In late December of 2011, I incorporated HITO Management in anticipation of developing and selling FlipBook, our first spatial-based scheduling solution. Amber strategically planned our wedding for June 2012 during my week home rotation. As a contingency, our honeymoon was delayed until August, only to have a full-time gig at BP Whiting offered to me. Since it started in July, I couldn’t accept it, so I recommended a friend. They promised me two other permanent jobs for later that summer, but they never made the final offer and ghosted me. That sealed my decision to stick with HITO. Luckily, at BP, they needed more help after the Honeymoon, so when Jim Voss called back, I was able to join the project as the “HITMAN” from HITO Management.
We formed HITO with the intention of being a solution/product-first type of consulting company. We expanded upon FlipBook with SiteWalker. In 2014, Mr. Voss recommended us to Jason Steph at Price Gregory. Kerry Karvas allowed me to bring Brandon into the profession, and we spent the next couple years working side by side for the next three years…all while developing FlipBook and SiteWalker. With only two of us, we had a project booked for 2018 that fell thru. Ready to launch but without any consulting revenue, SiteWalker lost its advertising budget. We redirected our efforts towards consulting, and were able to increase our staff to five. On March 11, 2020, I gasped at the tickers scrolling across the airport TVs while traveling home from Grupo Gondi’s Monterrey Paper mill. Even with the Shutdown that followed, we have been very blessed not to have any Pandemic related layoffs.
When we started, our spatial products defined us as a “different” type of consulting company. Not only was my vision of scheduling different, my ideas of what an employer should be were different-much different than the two companies that made promises that weren’t kept. While I’m proud of the numbers that go with growth, the people and promises are what matter.

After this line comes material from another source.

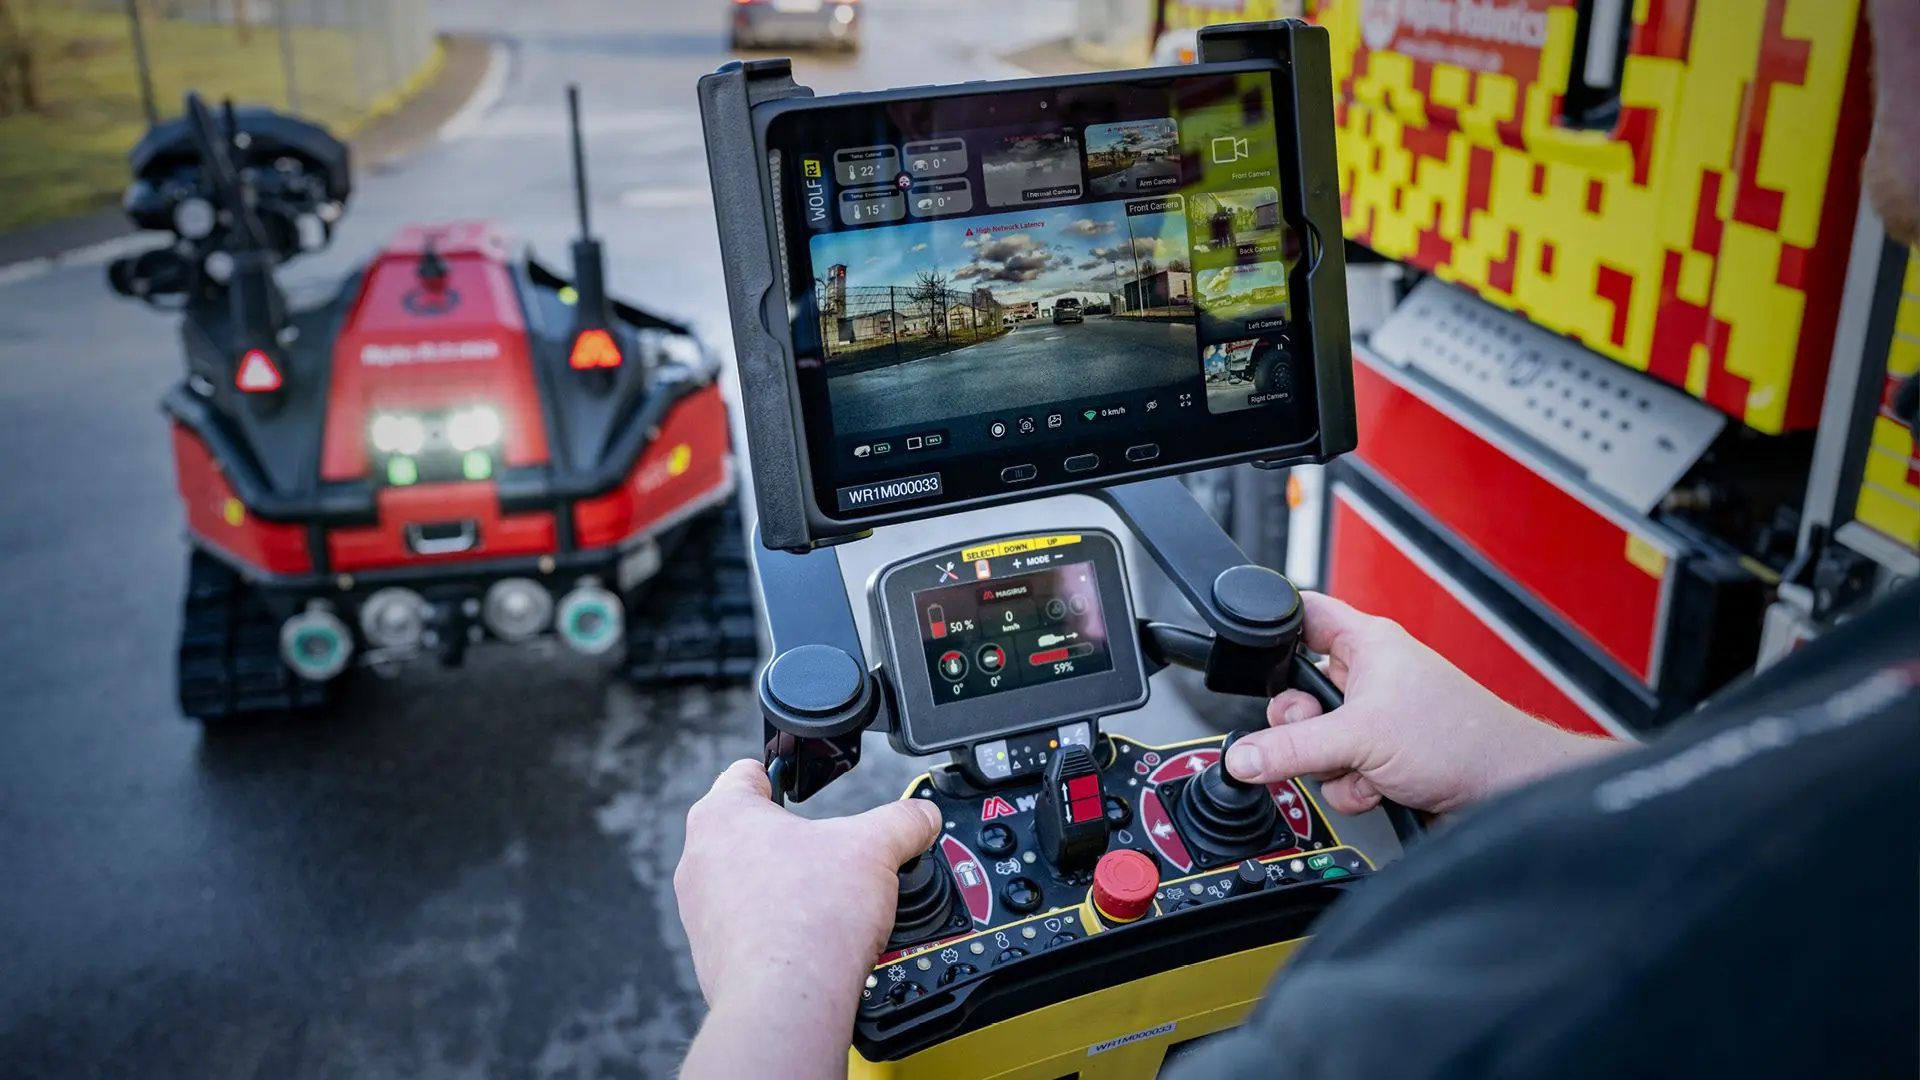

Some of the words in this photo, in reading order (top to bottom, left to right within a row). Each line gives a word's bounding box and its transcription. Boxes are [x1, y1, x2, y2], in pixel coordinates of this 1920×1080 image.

HITO staff is growing, and this growth is causing us to transition not just by doing different things, but by being different people. We are pausing to take the time to plan and solicit ideas from our staff, because the best plans result when everyone in the room participates. After being in a couple rooms, not only do we want to engage everyone in the room, we want everyone in the room. We want diverse ideas and the people that have them. As we prepare our firm for the next 10 years, we want to be as engaged with our employees as we are with our projects.